Antibody response after second BNT162b2 dose in allogeneic HSCT recipients

The prognosis of COVID-19 infection is poor in hematopoietic stem-cell transplant (HSCT) recipients.1, 2 In a large multicentric series of 318 HSCT recipients (184 allogeneic HSCT recipients and 134 autologous HSCT recipients), the probability of overall survival at 30 days after the diagnosis of COVID-19 infection was notably dismal, at 68% (95% CI 58–77) and 67% (55–78) for allogeneic HSCT recipients and autologous HSCT recipients, respectively.¹ Immunocompromised patients have been excluded from initial studies of SARS-CoV-2 mRNA vaccine efficacy, so the efficacy of vaccination in this population warrants evaluation.

To analyse the immunogenicity of the BNT162b2 mRNA vaccine (Pfizer–BioNTech), we used the IgG II Quant Assay (Abbot Laboratories, Wiesbaden, Germany) to quantify spike glycoprotein-specific IgG receptor-binding domain (IgG[S-RBD])levels at a median of 28 days (IQR 26–31) after the second vaccine dose in 88 recipients who had received two successive doses (at 4-week interval) at a median of 23 months (range 3–213 [IQR 9–30]) after allogeneic HSCT. IgG(S-RBD) titres could be quantified in 69 (78%) participants, whereas IgG(S-RBD) was detected but not quantifiable in three participants (anti-S titre <21 arbitrary unit [AU] per mL) and not detected in 16 participants (anti-S titre <6·8 AU/mL). In parallel, nucleoprotein-specific IgG was detected in seven of 88 participants, denoting previous SARS-CoV-2 exposure.

As previously reported for surrogate measure of vaccine protection, we stratified samples by IgG(S-RBD) titres above or below 4160 AU/mL as this threshold has previously been shown to correspond to a 0·95 probability of virus neutralisation in in-vitro plaque reduction neutralisation tests.³ In a comparison of characteristics of patients with IgG(S-RBD) titres above (n=52) and below (n=36) this threshold, a time interval greater than 12 months between HSCT and vaccination, as well as an absolute lymphocyte count in peripheral blood above 1G/L at the time of vaccination correlated with protective IgG(S-RBD) titres after vaccination (appendix).

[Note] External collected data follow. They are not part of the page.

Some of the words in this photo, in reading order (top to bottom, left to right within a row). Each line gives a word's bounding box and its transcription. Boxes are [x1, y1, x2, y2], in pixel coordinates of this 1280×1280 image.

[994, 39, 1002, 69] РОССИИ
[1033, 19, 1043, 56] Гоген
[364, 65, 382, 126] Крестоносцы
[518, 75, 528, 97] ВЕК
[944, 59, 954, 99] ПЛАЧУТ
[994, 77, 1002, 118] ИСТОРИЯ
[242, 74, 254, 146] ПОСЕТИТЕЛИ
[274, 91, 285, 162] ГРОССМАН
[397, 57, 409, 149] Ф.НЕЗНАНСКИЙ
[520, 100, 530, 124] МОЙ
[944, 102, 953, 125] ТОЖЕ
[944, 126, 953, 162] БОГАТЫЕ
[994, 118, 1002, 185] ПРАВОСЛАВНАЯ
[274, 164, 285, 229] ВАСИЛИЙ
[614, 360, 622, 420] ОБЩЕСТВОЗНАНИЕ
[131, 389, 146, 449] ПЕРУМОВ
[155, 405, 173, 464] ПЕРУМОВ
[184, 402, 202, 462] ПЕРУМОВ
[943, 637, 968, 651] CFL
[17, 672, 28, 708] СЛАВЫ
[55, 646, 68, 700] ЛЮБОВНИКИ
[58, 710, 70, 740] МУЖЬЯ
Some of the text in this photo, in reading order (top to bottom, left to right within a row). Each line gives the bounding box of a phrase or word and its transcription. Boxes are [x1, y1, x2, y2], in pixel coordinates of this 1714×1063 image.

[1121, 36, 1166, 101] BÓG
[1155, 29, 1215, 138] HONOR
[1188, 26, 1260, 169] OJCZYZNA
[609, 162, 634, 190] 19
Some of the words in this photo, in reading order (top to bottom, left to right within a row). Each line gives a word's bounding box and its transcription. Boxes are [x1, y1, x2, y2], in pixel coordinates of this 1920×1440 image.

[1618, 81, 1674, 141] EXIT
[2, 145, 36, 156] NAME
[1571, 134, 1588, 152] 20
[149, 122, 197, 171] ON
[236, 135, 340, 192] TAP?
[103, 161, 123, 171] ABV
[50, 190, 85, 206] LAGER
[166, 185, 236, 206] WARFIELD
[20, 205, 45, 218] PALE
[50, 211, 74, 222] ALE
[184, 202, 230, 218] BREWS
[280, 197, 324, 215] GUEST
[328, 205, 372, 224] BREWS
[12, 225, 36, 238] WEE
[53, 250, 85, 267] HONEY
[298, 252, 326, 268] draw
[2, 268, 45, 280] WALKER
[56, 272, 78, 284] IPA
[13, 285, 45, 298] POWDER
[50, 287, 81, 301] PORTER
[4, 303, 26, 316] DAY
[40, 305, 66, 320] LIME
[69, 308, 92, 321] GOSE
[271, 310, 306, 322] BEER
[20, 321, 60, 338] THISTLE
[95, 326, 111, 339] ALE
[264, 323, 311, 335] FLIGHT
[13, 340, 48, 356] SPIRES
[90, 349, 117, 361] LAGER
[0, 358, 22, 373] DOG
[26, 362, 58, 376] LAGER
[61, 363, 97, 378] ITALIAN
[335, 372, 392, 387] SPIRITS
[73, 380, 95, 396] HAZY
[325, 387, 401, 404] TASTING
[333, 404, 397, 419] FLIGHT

In comparison, participants who had received systemic immunosuppressive drugs within 3 months of vaccination had subprotective IgG(S-RBD) titres. Systemic immunosuppressive treatments within 3 months of vaccination, together with a lymphocyte count below 1 G/L in peripheral blood, remained independently correlated with low IgG(S-RBD) titres in multivariable analysis, whereas the correlation with the time interval between HSCT and vaccination was lost. With a median follow-up of 84 days (range 44–121 [IQR 65–110]) after the first vaccination dose, we did not observe any COVID-19 infection in this cohort.

In this first evaluation of immunogenicity in allogeneic HSCT recipients after two vaccine doses, we observed overall frequent and high levels of humoral responses, which contrasts with recent observations in solid organ transplant recipients who are receiving very long-term pharmacological immunosuppression.⁴ We identified lymphocyte count as well as recent pharmacological immunosuppression, rather than the sole timing of vaccination after HSCT, as determinants of humoral response. Our findings support the large scale vaccination of allogeneic HSCT recipients, although additional multicentre and long-term studies are needed to specify the level of immunological protection against infection, also taking into account the effect of a third vaccine dose in non-responding patients.

We declare no competing interests.